Tu y yo decidimos, un día, formar un gran equipo. En realidad fui yo quien lo decidió.
Cuando tu estabas aun en mi vientre, te hablé en mi lengua, muy bajito para no molestarte ni hacerte daño porque eras tan pequeña que no paraban de decirme que fuera con cuidado. Y tenía miedo. Siempre me acordaré de la primera vez en que te lo dije: “no te preocupes, cariñito mío, tu y yo somos fuertes, formamos un gran equipo”. Fue en uno de nuestros muchos baños espumosos, ese ritual del atardecer que duró nueve meses. Y todavía hoy, a tus tres años y medio (aunque tu a veces te empeñes en decir que tienes cinco), te lo repito, me lo repito.
Un gran equipo para sonreír. Un gran equipo para apoyarse y ayudarse. Avanzamos juntas, mi niña. Con él, claro está, con el mejor de los coachs deportivos.

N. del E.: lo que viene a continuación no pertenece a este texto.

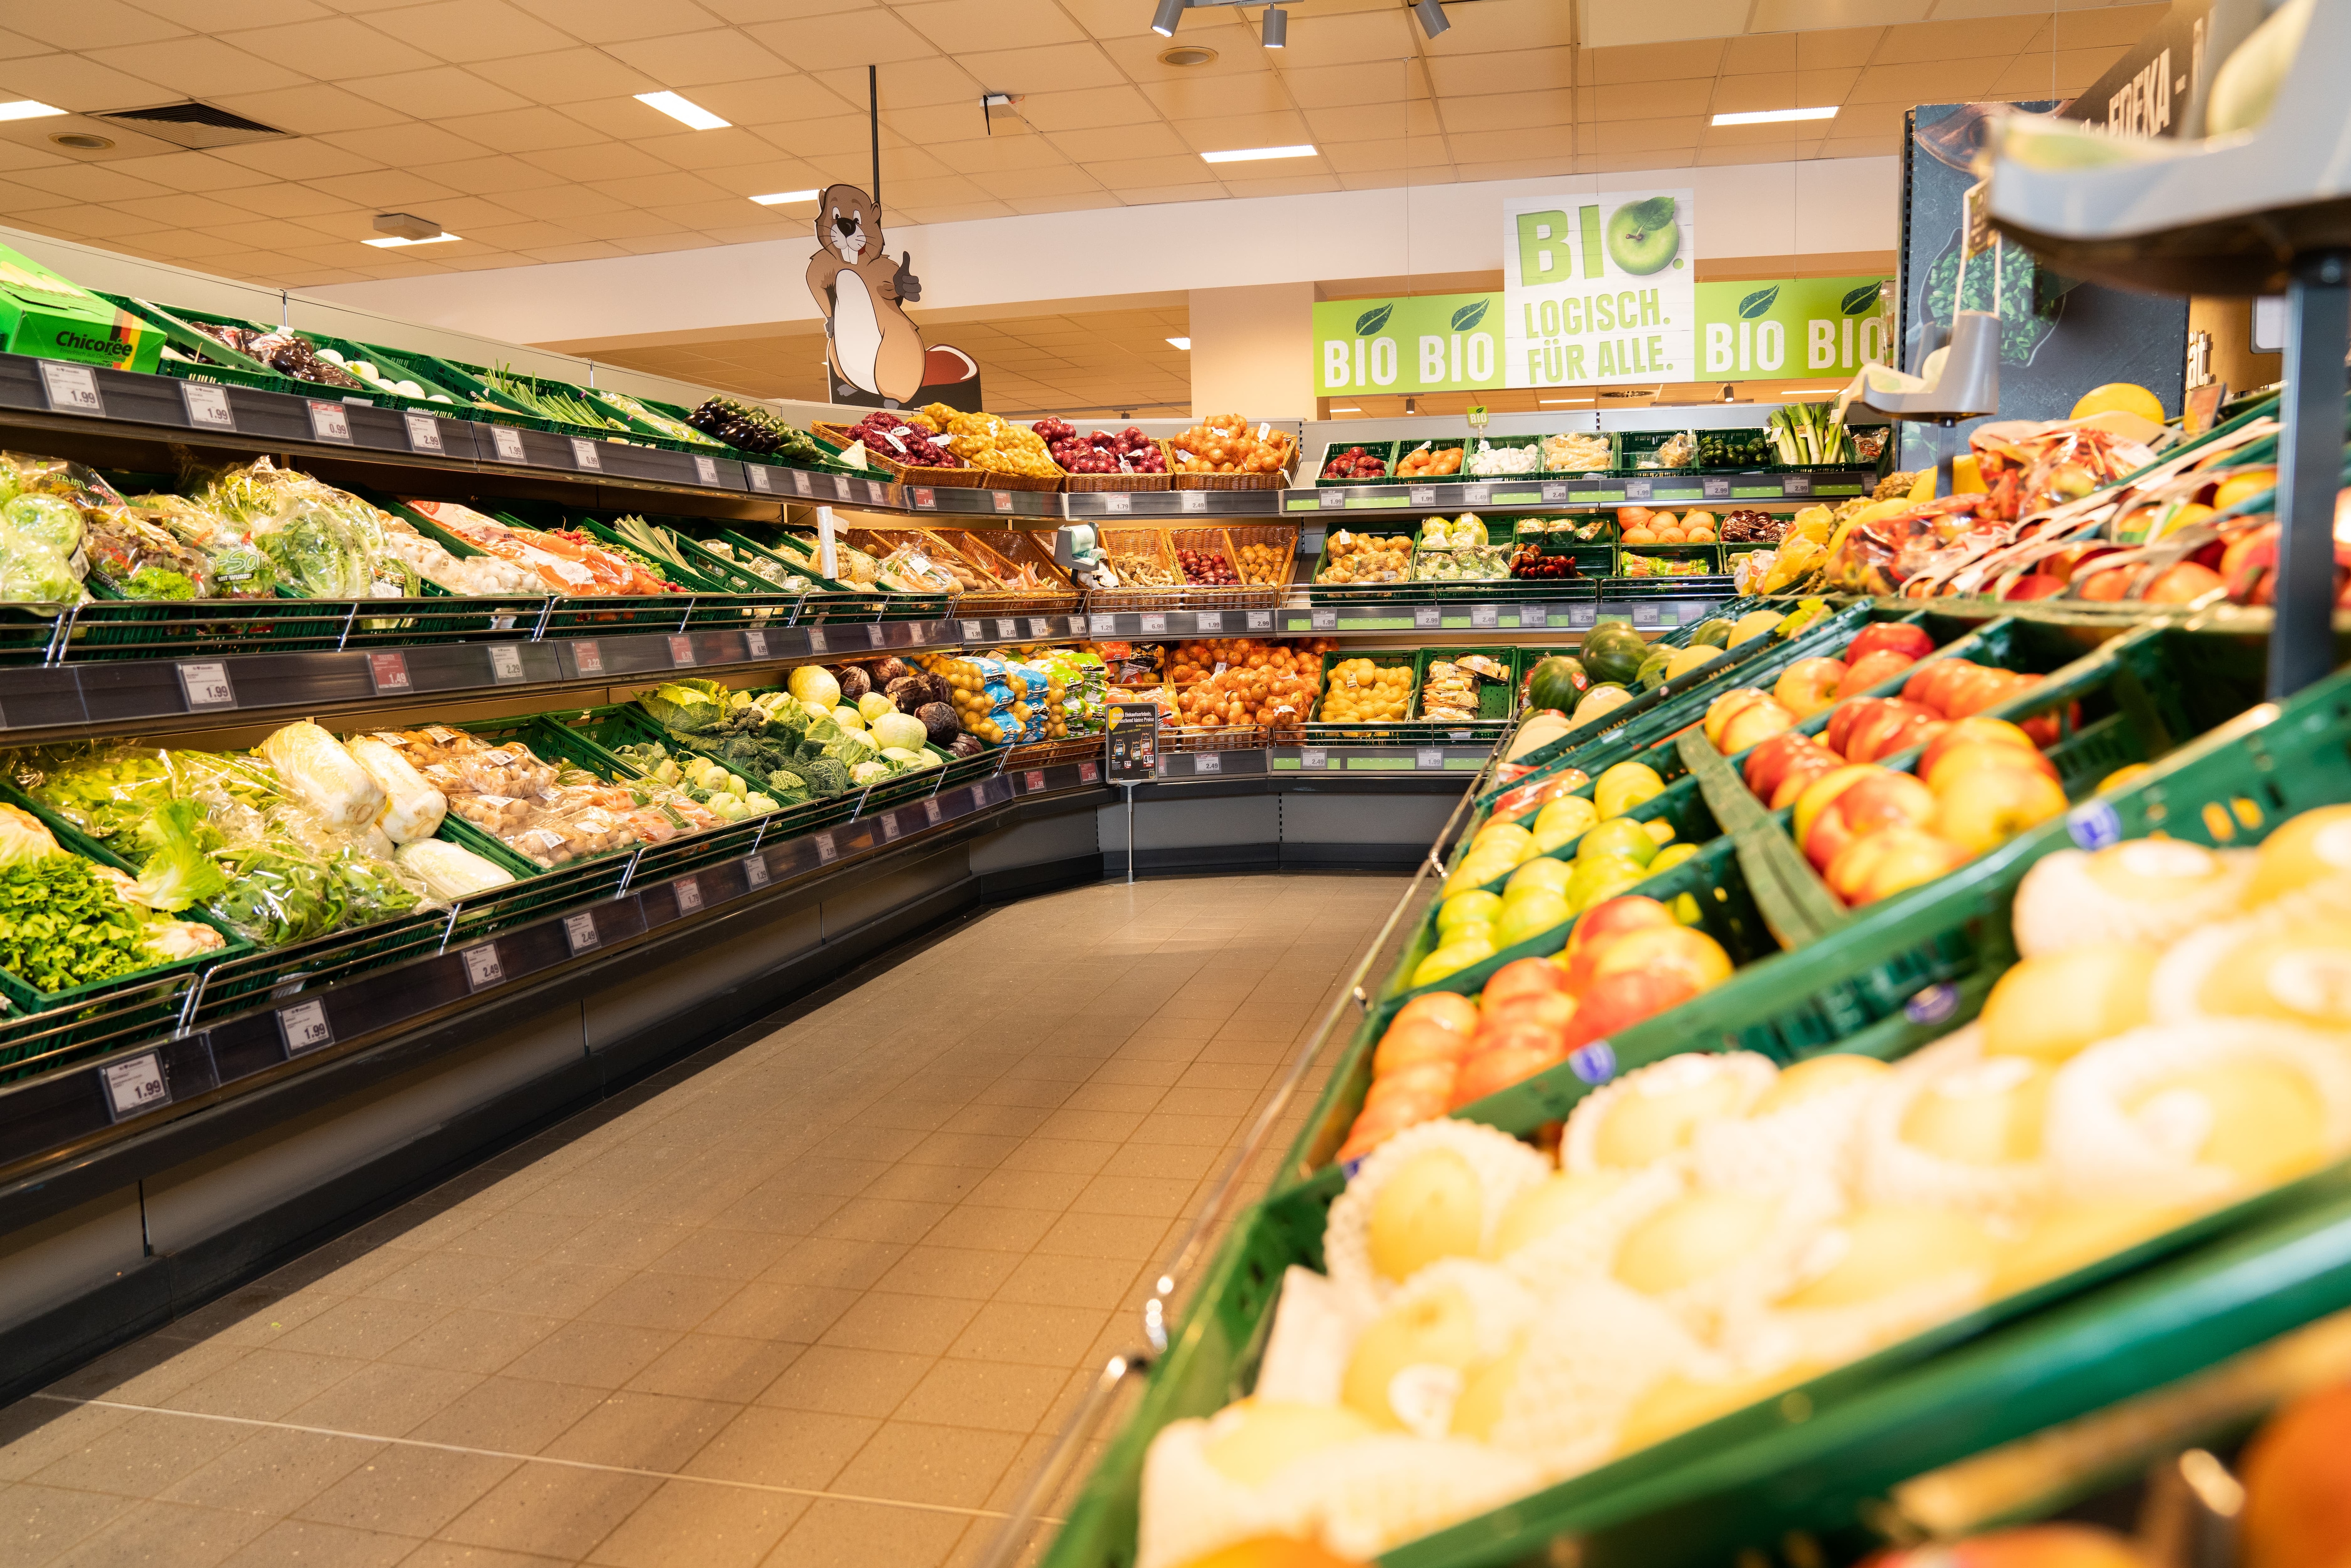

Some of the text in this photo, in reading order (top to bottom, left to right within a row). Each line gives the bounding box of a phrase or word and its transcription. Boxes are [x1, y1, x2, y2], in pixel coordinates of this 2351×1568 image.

[1524, 288, 1671, 339] LOGISCH.
[55, 331, 133, 357] Chicorée
[1706, 317, 1885, 372] BIO BIO
[66, 357, 113, 368] www.chico-ree.de
[96, 352, 126, 362] Deutschland
[1324, 332, 1494, 388] BIO BIO
[1528, 335, 1673, 385] FÜR ALLE.
[2186, 331, 2210, 390] ät.
[71, 390, 95, 403] 1.99
[207, 408, 228, 420] 1.99
[1470, 412, 1487, 424] BIO
[330, 424, 347, 434] 0.99
[424, 435, 439, 445] 2.99
[508, 446, 522, 456] 1.99
[587, 457, 598, 465] 0.99
[506, 664, 521, 674] 2.29
[587, 658, 601, 668] 2.22
[388, 672, 407, 684] 1.49
[206, 686, 228, 698] 1.99
[826, 847, 835, 857] 2.99
[756, 870, 767, 880] 1.29
[688, 894, 700, 903] 1.79
[582, 930, 596, 943] 2.49
[483, 963, 499, 977] 2.49
[304, 1023, 325, 1039] 1.99
[135, 1079, 161, 1099] 1.99

Porque como ya sabes, un equipo no funciona sin un buen entrenador, con energía y fuerza, con ganas e ímpetu, un entrenador que sabe conducir por el camino que toca.
Y tu eres única, tu eres mi única, mi hija. Y como si de una transmisión tácita se tratara, yo sé que te estás ya convirtiendo en mi compañera, en mi amiga. Atravesamos horas y horas juntas. Muchas. Y te hablo, te explico, te charlo sobre la vida y tu me escuchas y me respondes, con pertinencia, muchas veces. Y tu precisión me asombra, tus bonitas palabras, tus eres guapa mamá, tus te quiero mamá, tus eres guapo papá.
Un gran equipo. De madre a hija. De madre a hija. Me veo en mi madre, te veo en mí. Una hija. Una amiga. Única.
Porque es ahora a tus tres años y medio que me siento madre. Madre de verdad.